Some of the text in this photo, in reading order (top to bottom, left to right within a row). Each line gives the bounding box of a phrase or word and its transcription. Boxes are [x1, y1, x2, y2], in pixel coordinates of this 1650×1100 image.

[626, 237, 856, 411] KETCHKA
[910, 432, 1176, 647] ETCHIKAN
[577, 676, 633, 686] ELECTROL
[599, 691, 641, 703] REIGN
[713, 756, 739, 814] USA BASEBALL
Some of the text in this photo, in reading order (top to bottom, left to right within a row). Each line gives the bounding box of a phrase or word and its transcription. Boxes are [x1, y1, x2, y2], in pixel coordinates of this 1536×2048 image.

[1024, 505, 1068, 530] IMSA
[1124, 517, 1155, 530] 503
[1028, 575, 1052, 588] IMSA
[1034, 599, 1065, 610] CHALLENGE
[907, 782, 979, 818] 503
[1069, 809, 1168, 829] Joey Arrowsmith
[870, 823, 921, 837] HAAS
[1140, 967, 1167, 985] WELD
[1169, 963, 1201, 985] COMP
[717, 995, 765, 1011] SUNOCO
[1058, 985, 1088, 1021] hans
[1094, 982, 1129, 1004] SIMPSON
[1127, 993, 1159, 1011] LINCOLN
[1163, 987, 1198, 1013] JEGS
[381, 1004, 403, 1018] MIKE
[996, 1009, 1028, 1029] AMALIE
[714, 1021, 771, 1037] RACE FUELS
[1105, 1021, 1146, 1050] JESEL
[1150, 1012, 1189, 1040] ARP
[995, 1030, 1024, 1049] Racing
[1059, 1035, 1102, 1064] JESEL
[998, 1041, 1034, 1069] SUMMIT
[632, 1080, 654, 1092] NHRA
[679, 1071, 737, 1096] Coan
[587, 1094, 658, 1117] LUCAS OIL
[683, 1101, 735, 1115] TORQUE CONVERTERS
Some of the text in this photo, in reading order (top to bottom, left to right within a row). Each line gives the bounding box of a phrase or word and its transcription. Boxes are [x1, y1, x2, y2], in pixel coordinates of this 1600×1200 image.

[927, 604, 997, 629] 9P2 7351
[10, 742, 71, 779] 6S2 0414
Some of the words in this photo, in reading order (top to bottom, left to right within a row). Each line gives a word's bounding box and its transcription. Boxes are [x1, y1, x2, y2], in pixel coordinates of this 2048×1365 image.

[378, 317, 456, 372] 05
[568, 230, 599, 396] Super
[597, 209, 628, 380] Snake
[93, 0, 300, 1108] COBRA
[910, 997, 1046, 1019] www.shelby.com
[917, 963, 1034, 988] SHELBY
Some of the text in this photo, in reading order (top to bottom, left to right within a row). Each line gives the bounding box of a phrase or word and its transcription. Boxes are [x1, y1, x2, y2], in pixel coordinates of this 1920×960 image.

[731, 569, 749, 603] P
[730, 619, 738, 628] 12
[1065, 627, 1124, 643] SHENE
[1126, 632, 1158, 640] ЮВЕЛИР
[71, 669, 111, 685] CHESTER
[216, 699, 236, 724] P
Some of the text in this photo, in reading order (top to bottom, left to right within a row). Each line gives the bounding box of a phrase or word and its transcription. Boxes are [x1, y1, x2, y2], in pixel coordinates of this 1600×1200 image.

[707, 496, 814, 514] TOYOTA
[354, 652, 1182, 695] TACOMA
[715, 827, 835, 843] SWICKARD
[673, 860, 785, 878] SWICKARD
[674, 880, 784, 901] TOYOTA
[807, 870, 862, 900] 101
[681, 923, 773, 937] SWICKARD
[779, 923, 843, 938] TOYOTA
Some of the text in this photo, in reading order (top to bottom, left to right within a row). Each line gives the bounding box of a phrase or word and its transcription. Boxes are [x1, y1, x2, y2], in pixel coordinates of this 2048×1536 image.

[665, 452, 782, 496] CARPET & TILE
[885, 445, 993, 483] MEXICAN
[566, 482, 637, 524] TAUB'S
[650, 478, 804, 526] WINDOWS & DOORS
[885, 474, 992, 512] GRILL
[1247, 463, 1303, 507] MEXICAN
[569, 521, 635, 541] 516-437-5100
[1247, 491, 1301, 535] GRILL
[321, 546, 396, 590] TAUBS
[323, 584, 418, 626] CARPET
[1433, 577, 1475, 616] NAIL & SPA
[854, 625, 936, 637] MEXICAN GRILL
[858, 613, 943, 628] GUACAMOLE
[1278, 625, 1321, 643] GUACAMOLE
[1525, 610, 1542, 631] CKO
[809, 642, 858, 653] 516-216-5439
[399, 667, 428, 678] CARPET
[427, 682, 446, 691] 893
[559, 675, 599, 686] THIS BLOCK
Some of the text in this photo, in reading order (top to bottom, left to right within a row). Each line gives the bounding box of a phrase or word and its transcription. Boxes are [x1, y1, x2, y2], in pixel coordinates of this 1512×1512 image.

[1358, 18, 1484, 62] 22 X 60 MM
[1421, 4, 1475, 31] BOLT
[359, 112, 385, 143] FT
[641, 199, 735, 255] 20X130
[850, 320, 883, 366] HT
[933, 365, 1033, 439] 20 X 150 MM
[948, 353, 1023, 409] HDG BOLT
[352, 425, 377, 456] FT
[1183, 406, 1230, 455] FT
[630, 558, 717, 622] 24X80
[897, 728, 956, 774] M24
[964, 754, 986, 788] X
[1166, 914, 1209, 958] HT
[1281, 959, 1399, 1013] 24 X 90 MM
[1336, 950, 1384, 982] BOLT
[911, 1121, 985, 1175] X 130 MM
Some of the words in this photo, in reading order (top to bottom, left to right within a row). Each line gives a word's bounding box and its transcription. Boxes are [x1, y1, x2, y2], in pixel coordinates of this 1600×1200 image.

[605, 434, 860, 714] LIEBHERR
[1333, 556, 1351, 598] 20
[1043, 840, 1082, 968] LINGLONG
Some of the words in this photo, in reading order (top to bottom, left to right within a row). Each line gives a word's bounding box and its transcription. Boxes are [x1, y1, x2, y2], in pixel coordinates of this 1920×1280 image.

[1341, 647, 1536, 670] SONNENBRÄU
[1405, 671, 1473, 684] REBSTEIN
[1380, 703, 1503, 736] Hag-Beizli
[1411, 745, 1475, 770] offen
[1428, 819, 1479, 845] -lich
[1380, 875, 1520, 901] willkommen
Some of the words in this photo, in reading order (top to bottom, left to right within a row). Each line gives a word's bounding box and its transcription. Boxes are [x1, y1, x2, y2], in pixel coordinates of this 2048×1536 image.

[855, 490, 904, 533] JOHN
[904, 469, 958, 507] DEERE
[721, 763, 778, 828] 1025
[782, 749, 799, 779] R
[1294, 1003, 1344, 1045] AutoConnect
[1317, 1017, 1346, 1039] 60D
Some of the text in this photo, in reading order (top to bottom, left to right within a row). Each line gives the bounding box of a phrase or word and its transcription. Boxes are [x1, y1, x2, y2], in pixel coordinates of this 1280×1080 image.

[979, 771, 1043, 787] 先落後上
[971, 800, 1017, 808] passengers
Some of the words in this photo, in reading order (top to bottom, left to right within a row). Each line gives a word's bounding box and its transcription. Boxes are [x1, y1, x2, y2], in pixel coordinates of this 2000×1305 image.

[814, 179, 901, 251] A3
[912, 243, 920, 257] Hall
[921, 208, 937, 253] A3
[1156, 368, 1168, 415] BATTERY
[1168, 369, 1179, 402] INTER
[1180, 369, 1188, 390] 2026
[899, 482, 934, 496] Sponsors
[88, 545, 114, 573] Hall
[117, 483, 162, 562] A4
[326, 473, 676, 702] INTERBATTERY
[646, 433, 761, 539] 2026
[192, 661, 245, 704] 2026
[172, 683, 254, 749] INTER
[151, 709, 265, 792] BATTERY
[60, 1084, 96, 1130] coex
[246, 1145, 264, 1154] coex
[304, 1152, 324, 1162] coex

:::

### WHAT TO WORK ON
The material shown above is to be retyped in full, without alteration.

### SOLUTION FOR THIS TASK
Some of the text in this photo, in reading order (top to bottom, left to right within a row). Each line gives the bounding box of a phrase or word and its transcription. Boxes are [x1, y1, x2, y2], in pixel coordinates of this 1650×1100 image.

[626, 237, 856, 411] KETCHKA
[910, 432, 1176, 647] ETCHIKAN
[577, 676, 633, 686] ELECTROL
[599, 691, 641, 703] REIGN
[713, 756, 739, 814] USA BASEBALL
Some of the text in this photo, in reading order (top to bottom, left to right within a row). Each line gives the bounding box of a phrase or word and its transcription. Boxes are [x1, y1, x2, y2], in pixel coordinates of this 1536×2048 image.

[1024, 505, 1068, 530] IMSA
[1124, 517, 1155, 530] 503
[1028, 575, 1052, 588] IMSA
[1034, 599, 1065, 610] CHALLENGE
[907, 782, 979, 818] 503
[1069, 809, 1168, 829] Joey Arrowsmith
[870, 823, 921, 837] HAAS
[1140, 967, 1167, 985] WELD
[1169, 963, 1201, 985] COMP
[717, 995, 765, 1011] SUNOCO
[1058, 985, 1088, 1021] hans
[1094, 982, 1129, 1004] SIMPSON
[1127, 993, 1159, 1011] LINCOLN
[1163, 987, 1198, 1013] JEGS
[381, 1004, 403, 1018] MIKE
[996, 1009, 1028, 1029] AMALIE
[714, 1021, 771, 1037] RACE FUELS
[1105, 1021, 1146, 1050] JESEL
[1150, 1012, 1189, 1040] ARP
[995, 1030, 1024, 1049] Racing
[1059, 1035, 1102, 1064] JESEL
[998, 1041, 1034, 1069] SUMMIT
[632, 1080, 654, 1092] NHRA
[679, 1071, 737, 1096] Coan
[587, 1094, 658, 1117] LUCAS OIL
[683, 1101, 735, 1115] TORQUE CONVERTERS
Some of the text in this photo, in reading order (top to bottom, left to right within a row). Each line gives the bounding box of a phrase or word and its transcription. Boxes are [x1, y1, x2, y2], in pixel coordinates of this 1600×1200 image.

[927, 604, 997, 629] 9P2 7351
[10, 742, 71, 779] 6S2 0414
Some of the words in this photo, in reading order (top to bottom, left to right within a row). Each line gives a word's bounding box and its transcription. Boxes are [x1, y1, x2, y2], in pixel coordinates of this 2048×1365 image.

[378, 317, 456, 372] 05
[568, 230, 599, 396] Super
[597, 209, 628, 380] Snake
[93, 0, 300, 1108] COBRA
[910, 997, 1046, 1019] www.shelby.com
[917, 963, 1034, 988] SHELBY
Some of the text in this photo, in reading order (top to bottom, left to right within a row). Each line gives the bounding box of a phrase or word and its transcription. Boxes are [x1, y1, x2, y2], in pixel coordinates of this 1920×960 image.

[731, 569, 749, 603] P
[730, 619, 738, 628] 12
[1065, 627, 1124, 643] SHENE
[1126, 632, 1158, 640] ЮВЕЛИР
[71, 669, 111, 685] CHESTER
[216, 699, 236, 724] P
Some of the text in this photo, in reading order (top to bottom, left to right within a row). Each line gives the bounding box of a phrase or word and its transcription. Boxes are [x1, y1, x2, y2], in pixel coordinates of this 1600×1200 image.

[707, 496, 814, 514] TOYOTA
[354, 652, 1182, 695] TACOMA
[715, 827, 835, 843] SWICKARD
[673, 860, 785, 878] SWICKARD
[674, 880, 784, 901] TOYOTA
[807, 870, 862, 900] 101
[681, 923, 773, 937] SWICKARD
[779, 923, 843, 938] TOYOTA
Some of the text in this photo, in reading order (top to bottom, left to right within a row). Each line gives the bounding box of a phrase or word and its transcription. Boxes are [x1, y1, x2, y2], in pixel coordinates of this 2048×1536 image.

[665, 452, 782, 496] CARPET & TILE
[885, 445, 993, 483] MEXICAN
[566, 482, 637, 524] TAUB'S
[650, 478, 804, 526] WINDOWS & DOORS
[885, 474, 992, 512] GRILL
[1247, 463, 1303, 507] MEXICAN
[569, 521, 635, 541] 516-437-5100
[1247, 491, 1301, 535] GRILL
[321, 546, 396, 590] TAUBS
[323, 584, 418, 626] CARPET
[1433, 577, 1475, 616] NAIL & SPA
[854, 625, 936, 637] MEXICAN GRILL
[858, 613, 943, 628] GUACAMOLE
[1278, 625, 1321, 643] GUACAMOLE
[1525, 610, 1542, 631] CKO
[809, 642, 858, 653] 516-216-5439
[399, 667, 428, 678] CARPET
[427, 682, 446, 691] 893
[559, 675, 599, 686] THIS BLOCK
Some of the text in this photo, in reading order (top to bottom, left to right within a row). Each line gives the bounding box of a phrase or word and its transcription. Boxes are [x1, y1, x2, y2], in pixel coordinates of this 1512×1512 image.

[1358, 18, 1484, 62] 22 X 60 MM
[1421, 4, 1475, 31] BOLT
[359, 112, 385, 143] FT
[641, 199, 735, 255] 20X130
[850, 320, 883, 366] HT
[933, 365, 1033, 439] 20 X 150 MM
[948, 353, 1023, 409] HDG BOLT
[352, 425, 377, 456] FT
[1183, 406, 1230, 455] FT
[630, 558, 717, 622] 24X80
[897, 728, 956, 774] M24
[964, 754, 986, 788] X
[1166, 914, 1209, 958] HT
[1281, 959, 1399, 1013] 24 X 90 MM
[1336, 950, 1384, 982] BOLT
[911, 1121, 985, 1175] X 130 MM
Some of the words in this photo, in reading order (top to bottom, left to right within a row). Each line gives a word's bounding box and its transcription. Boxes are [x1, y1, x2, y2], in pixel coordinates of this 1600×1200 image.

[605, 434, 860, 714] LIEBHERR
[1333, 556, 1351, 598] 20
[1043, 840, 1082, 968] LINGLONG
Some of the words in this photo, in reading order (top to bottom, left to right within a row). Each line gives a word's bounding box and its transcription. Boxes are [x1, y1, x2, y2], in pixel coordinates of this 1920×1280 image.

[1341, 647, 1536, 670] SONNENBRÄU
[1405, 671, 1473, 684] REBSTEIN
[1380, 703, 1503, 736] Hag-Beizli
[1411, 745, 1475, 770] offen
[1428, 819, 1479, 845] -lich
[1380, 875, 1520, 901] willkommen
Some of the words in this photo, in reading order (top to bottom, left to right within a row). Each line gives a word's bounding box and its transcription. Boxes are [x1, y1, x2, y2], in pixel coordinates of this 2048×1536 image.

[855, 490, 904, 533] JOHN
[904, 469, 958, 507] DEERE
[721, 763, 778, 828] 1025
[782, 749, 799, 779] R
[1294, 1003, 1344, 1045] AutoConnect
[1317, 1017, 1346, 1039] 60D
Some of the text in this photo, in reading order (top to bottom, left to right within a row). Each line gives the bounding box of a phrase or word and its transcription. Boxes are [x1, y1, x2, y2], in pixel coordinates of this 1280×1080 image.

[979, 771, 1043, 787] 先落後上
[971, 800, 1017, 808] passengers
Some of the words in this photo, in reading order (top to bottom, left to right within a row). Each line gives a word's bounding box and its transcription. Boxes are [x1, y1, x2, y2], in pixel coordinates of this 2000×1305 image.

[814, 179, 901, 251] A3
[912, 243, 920, 257] Hall
[921, 208, 937, 253] A3
[1156, 368, 1168, 415] BATTERY
[1168, 369, 1179, 402] INTER
[1180, 369, 1188, 390] 2026
[899, 482, 934, 496] Sponsors
[88, 545, 114, 573] Hall
[117, 483, 162, 562] A4
[326, 473, 676, 702] INTERBATTERY
[646, 433, 761, 539] 2026
[192, 661, 245, 704] 2026
[172, 683, 254, 749] INTER
[151, 709, 265, 792] BATTERY
[60, 1084, 96, 1130] coex
[246, 1145, 264, 1154] coex
[304, 1152, 324, 1162] coex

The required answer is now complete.